§ TASK DESCRIPTION
What is needed is an exact transcription of the listing, with the images removed.

§ EXERCISE DATA
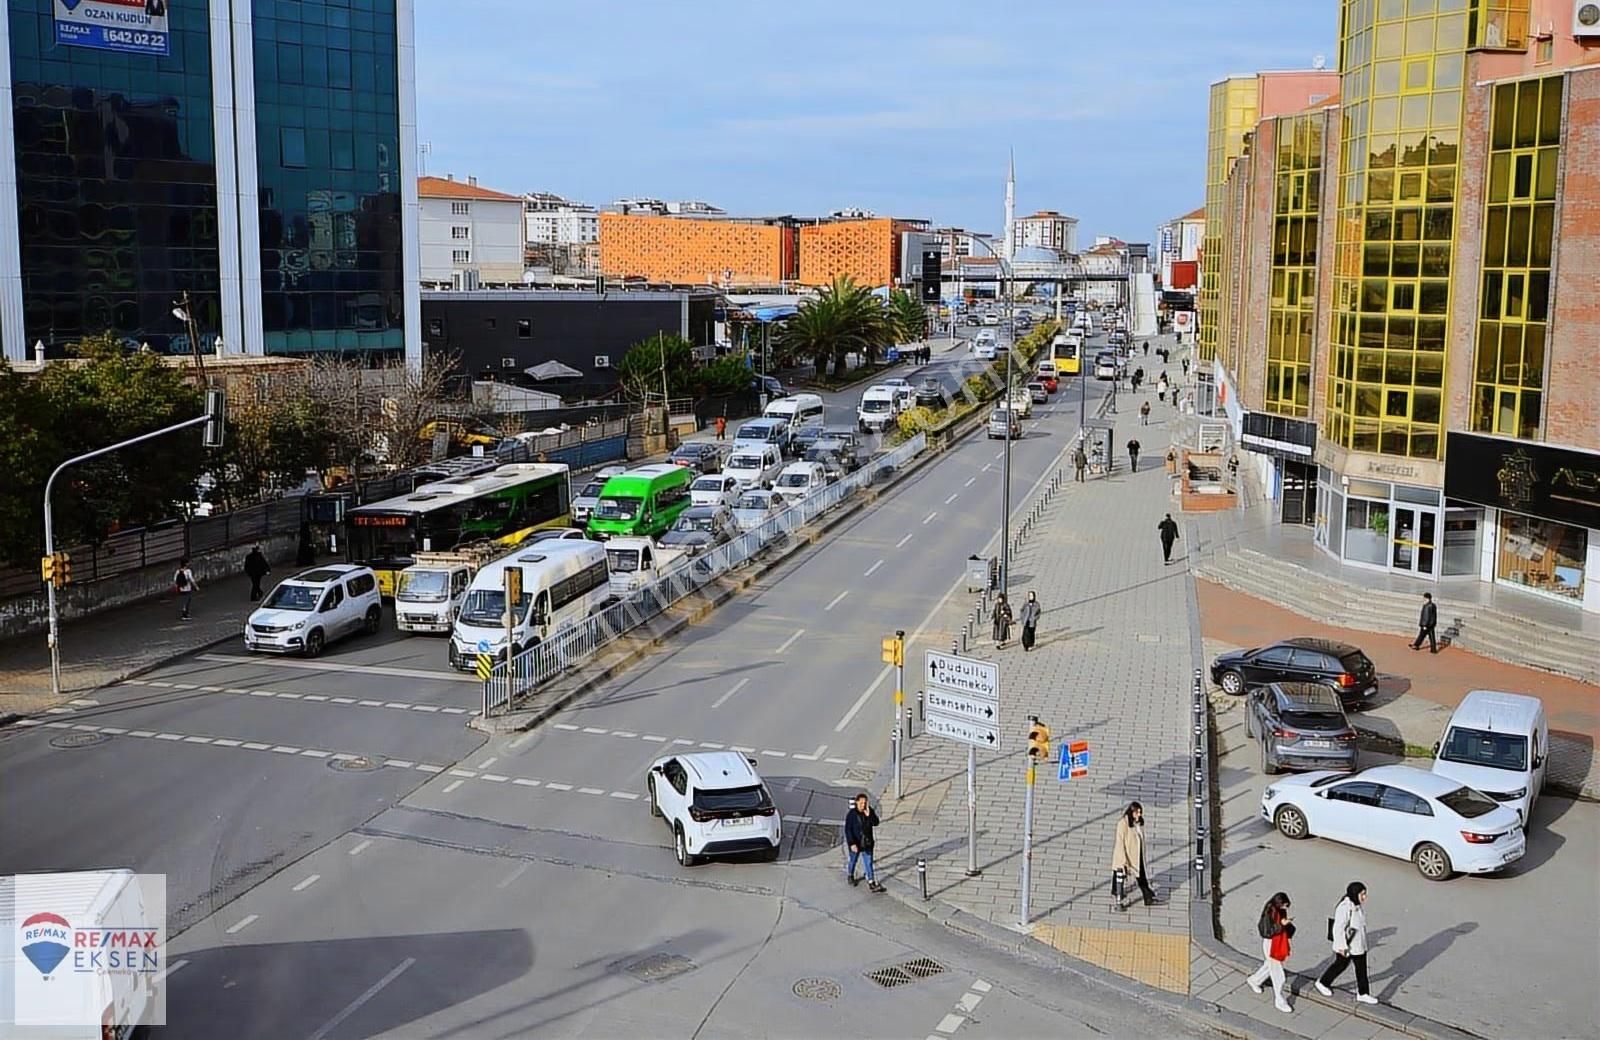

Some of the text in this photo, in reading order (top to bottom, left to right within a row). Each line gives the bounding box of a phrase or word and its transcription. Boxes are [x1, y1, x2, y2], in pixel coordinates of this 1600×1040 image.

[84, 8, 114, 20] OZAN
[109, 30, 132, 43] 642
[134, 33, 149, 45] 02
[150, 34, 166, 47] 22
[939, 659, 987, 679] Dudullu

§ EXERCISE RESULT
Some of the text in this photo, in reading order (top to bottom, left to right within a row). Each line gives the bounding box of a phrase or word and its transcription. Boxes are [x1, y1, x2, y2], in pixel coordinates of this 1600×1040 image.

[84, 8, 114, 20] OZAN
[109, 30, 132, 43] 642
[134, 33, 149, 45] 02
[150, 34, 166, 47] 22
[939, 659, 987, 679] Dudullu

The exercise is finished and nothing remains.